Analysing Wideband Absorbance Immittance in Normal and Ears with Otitis Media with Effusion Using Machine Learning
It addresses the challenge of interpreting WAI results for diagnosing middle ear conditions in clinical practice, but appears incremental as it applies existing ML methods to a specific medical domain.
This study developed machine learning tools to analyze Wideband Absorbance Immittance (WAI) data for automated diagnosis of otitis media with effusion, showing potential for quick and accurate diagnostic decisions.

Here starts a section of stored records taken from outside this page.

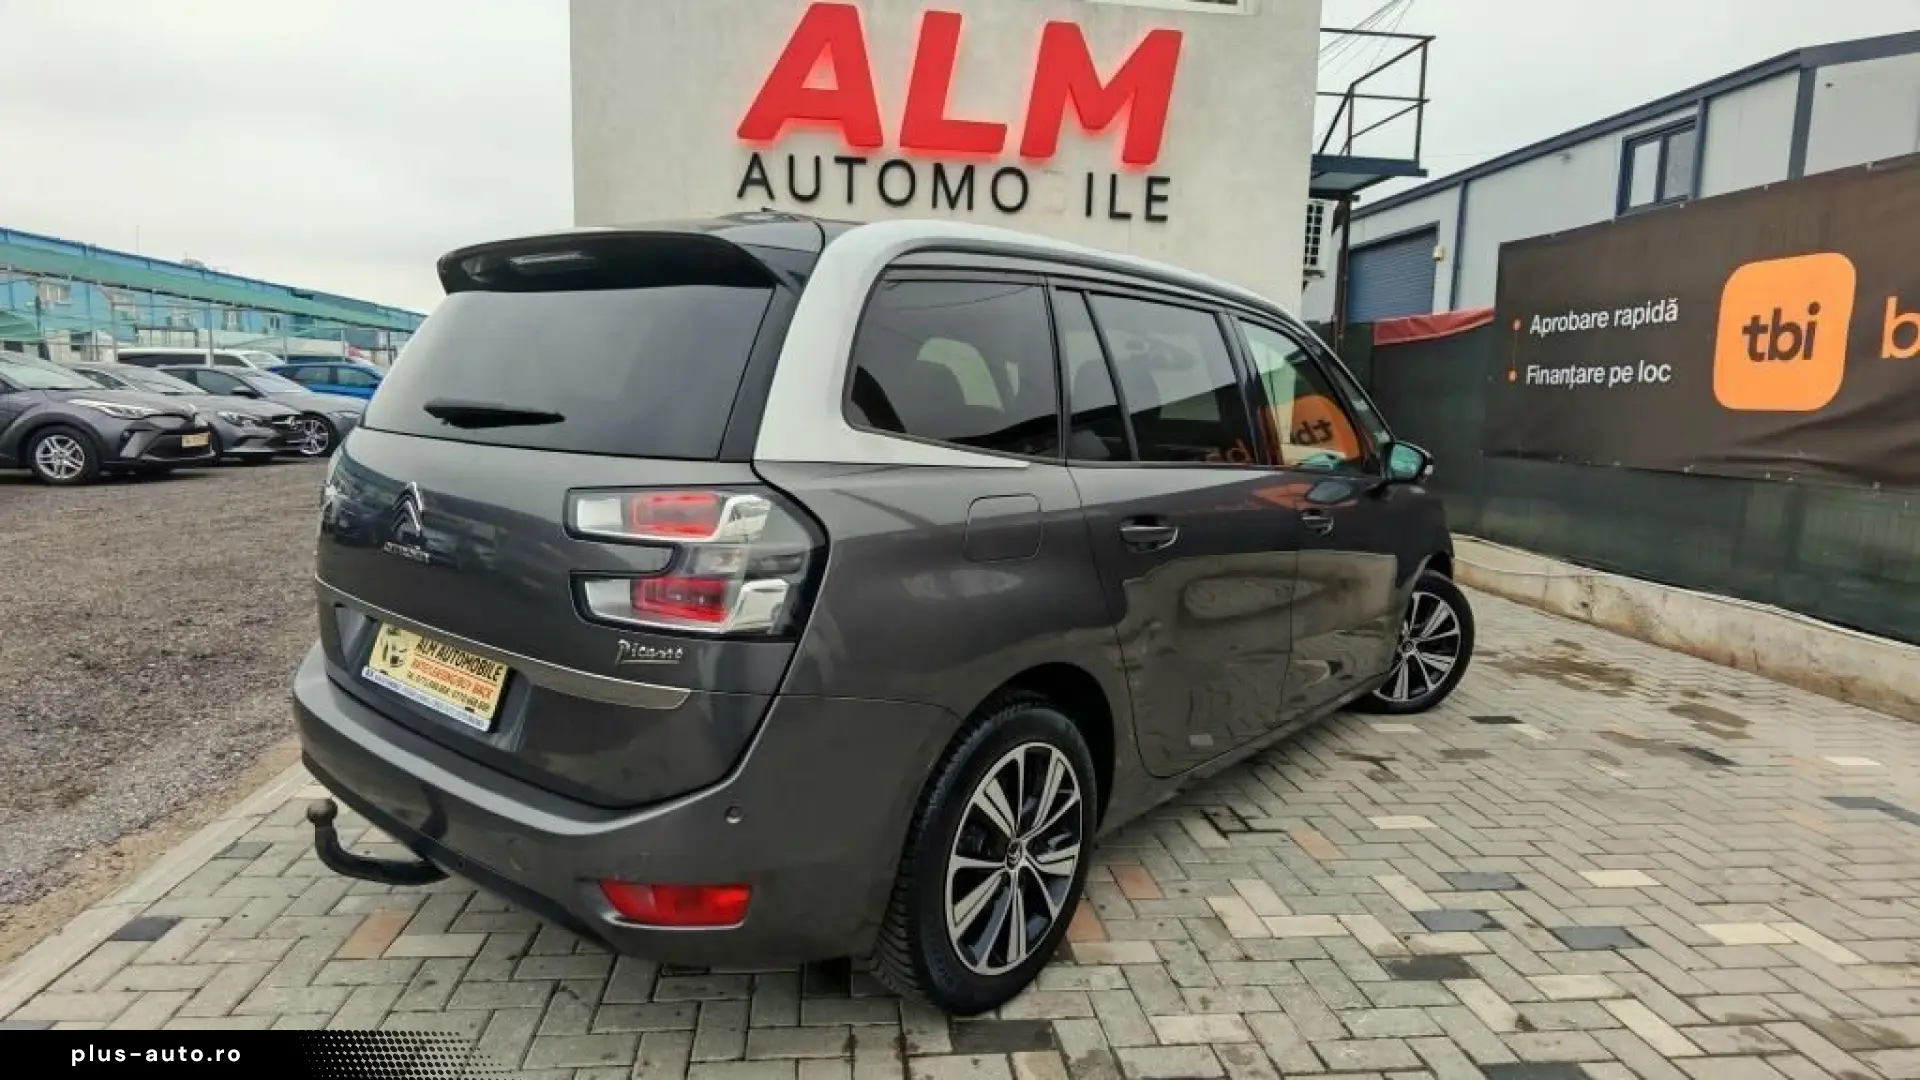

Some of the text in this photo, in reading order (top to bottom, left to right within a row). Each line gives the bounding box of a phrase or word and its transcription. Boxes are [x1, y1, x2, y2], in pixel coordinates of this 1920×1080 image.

[736, 1, 1183, 164] ALM
[737, 153, 1171, 223] AUTOMOILE
[1529, 298, 1679, 338] Aprobare rapidă
[1742, 301, 1821, 362] tbi
[1526, 360, 1672, 389] Finanțare pe loc
[435, 642, 504, 682] AUTOMOBILE

Wideband Absorbance Immittance (WAI) has been available for more than a decade, however its clinical use still faces the challenges of limited understanding and poor interpretation of WAI results. This study aimed to develop Machine Learning (ML) tools to identify the WAI absorbance characteristics across different frequency-pressure regions in the normal middle ear and ears with otitis media with effusion (OME) to enable diagnosis of middle ear conditions automatically. Data analysis including pre-processing of the WAI data, statistical analysis and classification model development, together with key regions extraction from the 2D frequency-pressure WAI images are conducted in this study. Our experimental results show that ML tools appear to hold great potential for the automated diagnosis of middle ear diseases from WAI data. The identified key regions in the WAI provide guidance to practitioners to better understand and interpret WAI data and offer the prospect of quick and accurate diagnostic decisions.